Inhibition of DPP4 activity in humans establishes its in vivo role in CXCL10 post‐translational modification: prospective placebo‐controlled clinical studies

• Published in: EMBO molecular medicine Vol. 8; no. 6; pp. 679 - 683
• Main Authors: Decalf, Jérémie, Tarbell, Kristin V, Casrouge, Armanda, Price, Jeffrey D, Linder, Grace, Mottez, Estelle, Sultanik, Philippe, Mallet, Vincent, Pol, Stanislas, Duffy, Darragh, Albert, Matthew L
• Format: Journal Article
• Language: English
• Published: London Nature Publishing Group UK 01.06.2016; Wiley Open Access; John Wiley and Sons Inc; Springer Nature
• Subjects: Chemokine CXCL10 - blood; Chemokine CXCL10 - metabolism; chemokines; clinical study; CXCL10; Dipeptidyl Peptidase 4 - metabolism; Dipeptidyl-Peptidase IV Inhibitors - administration & dosage; DPP4; EMBO23; EMBO28; EMBO31; Healthy Volunteers; Hepatitis C, Chronic - pathology; Humans; Immunology; Life Sciences; Placebos - administration & dosage; post‐translational modifications; Prospective Studies; Protein Processing, Post-Translational; Proteolysis; Sitagliptin Phosphate - administration & dosage; clinical study; DPP4; post‐translational modifications; CXCL10; chemokines
• ISSN: 1757-4676; 1757-4684
• DOI: 10.15252/emmm.201506145

Biochemical experiments, animal models, and observational studies in humans all support a role of dipeptidyl peptidase 4 (DPP4) in the N‐terminal truncation of CXCL10, which results in the generation of an antagonist form of the chemokine that limits T‐cell and NK cell migration. Motivated by the ability to regulate lymphocyte trafficking in vivo , we conducted two prospective clinical trials to test the effects of DPP4 inhibition on CXCL10 processing in healthy donors and in chronic hepatitis C patients, a disease in which DPP4 levels are found to be elevated. Participants were treated daily with 100 mg sitagliptin, a clinically approved DPP4 inhibitor. Plasma samples were analyzed using an ultrasensitive single‐molecule assay (Simoa) to distinguish the full‐length CXCL10 1–77 from the NH 2 ‐truncated CXCL10 3–77 , as compared to the total CXCL10 levels.

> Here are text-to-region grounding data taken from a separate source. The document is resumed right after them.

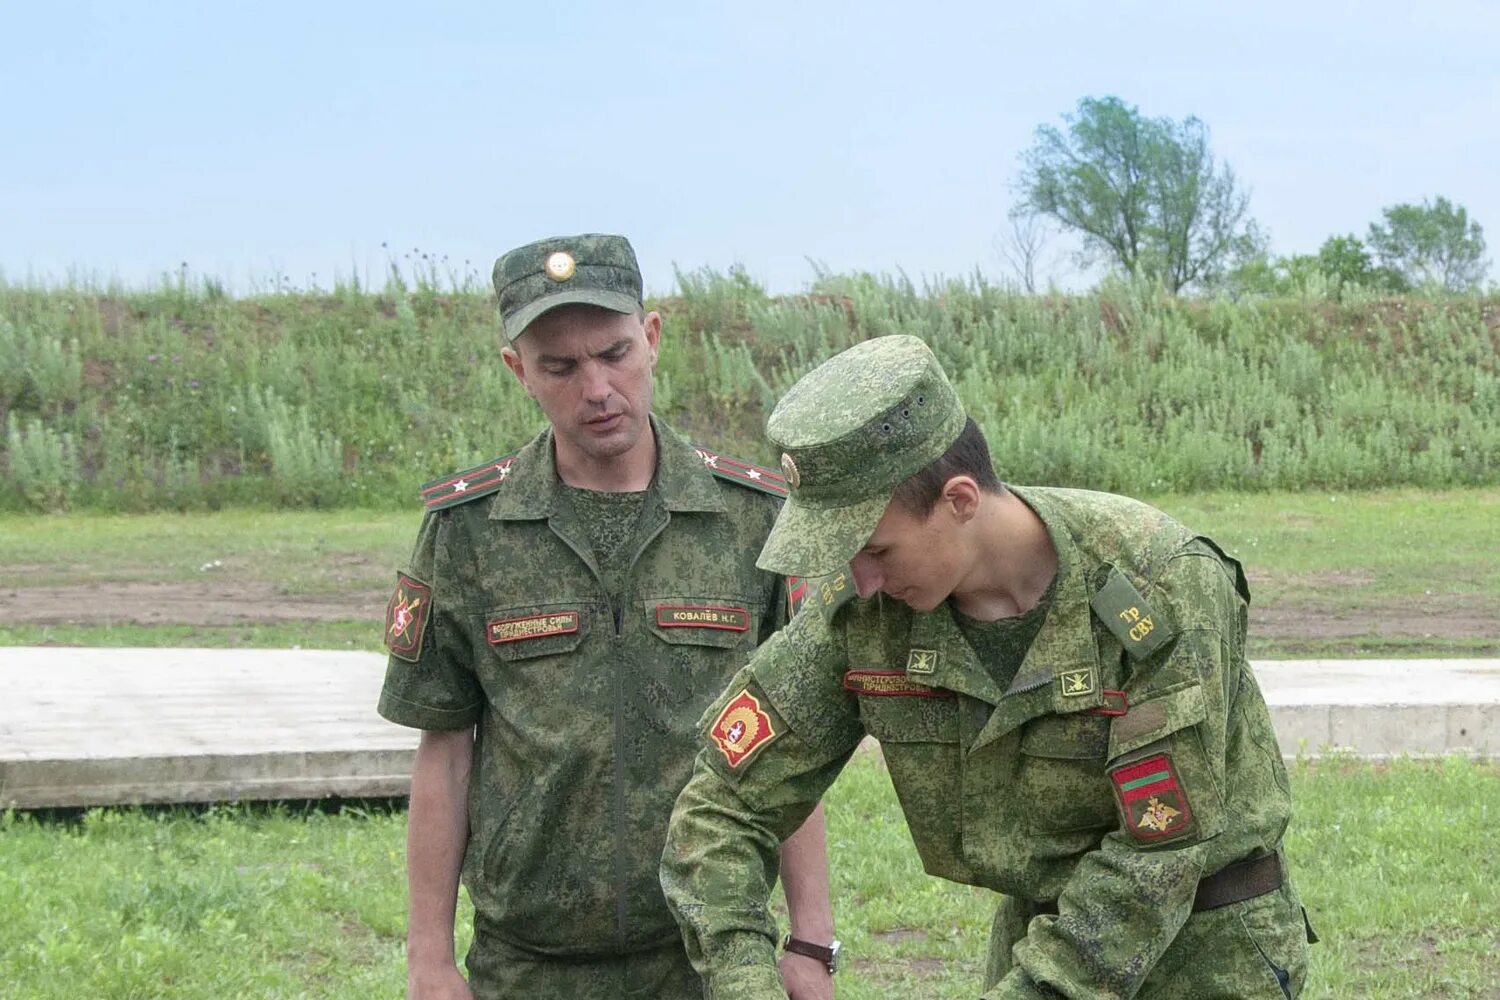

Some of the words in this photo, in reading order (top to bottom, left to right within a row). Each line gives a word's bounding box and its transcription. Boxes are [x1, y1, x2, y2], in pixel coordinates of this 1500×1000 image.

[673, 609, 718, 622] КОВАЛЁВ
[721, 614, 737, 624] Н.Г.
[1119, 606, 1140, 623] Тр
[493, 618, 547, 634] ВООРУЖЕННЫЕ
[549, 615, 573, 625] СИЛЫ
[1129, 614, 1154, 641] СВУ

Sitagliptin treatment resulted in a significant decrease in CXCL10 3–77 concentration, a reciprocal increase in CXCL10 1–77 , with only minimal effects on total levels of the chemokine. These data provide the first direct evidence that in vivo DPP4 inhibition in humans can preserve the bioactive form of CXCL10, offering new therapeutic opportunities for DPP4 inhibitors. Synopsis The N‐terminal truncation of CXCL10 by DPP4 results in the generation of an antagonist form of the chemokine that limits T‐cell and NK cell migration. This study shows for the first time that in vivo DPP4 inhibition in humans can preserve the bioactive form of CXCL10. Sitagliptin, an FDA‐approved DPP4 inhibitor for the treatment of type 2 diabetes, resulted in a decrease in the concentration of antagonist CXCL10 and a reciprocal increase in levels of the agonist form. Sitagliptin was effective in healthy subjects as well as in chronic HCV patients who have elevated levels of DPP4 and CXCL10. These results open new perspectives in the use of DPP4 inhibitors as therapeutic immune modulators. Graphical Abstract The N‐terminal truncation of CXCL10 by DPP4 results in the generation of an antagonist form of the chemokine that limits T‐cell and NK cell migration. This study shows for the first time that in vivo DPP4 inhibition in humans can preserve the bioactive form of CXCL10.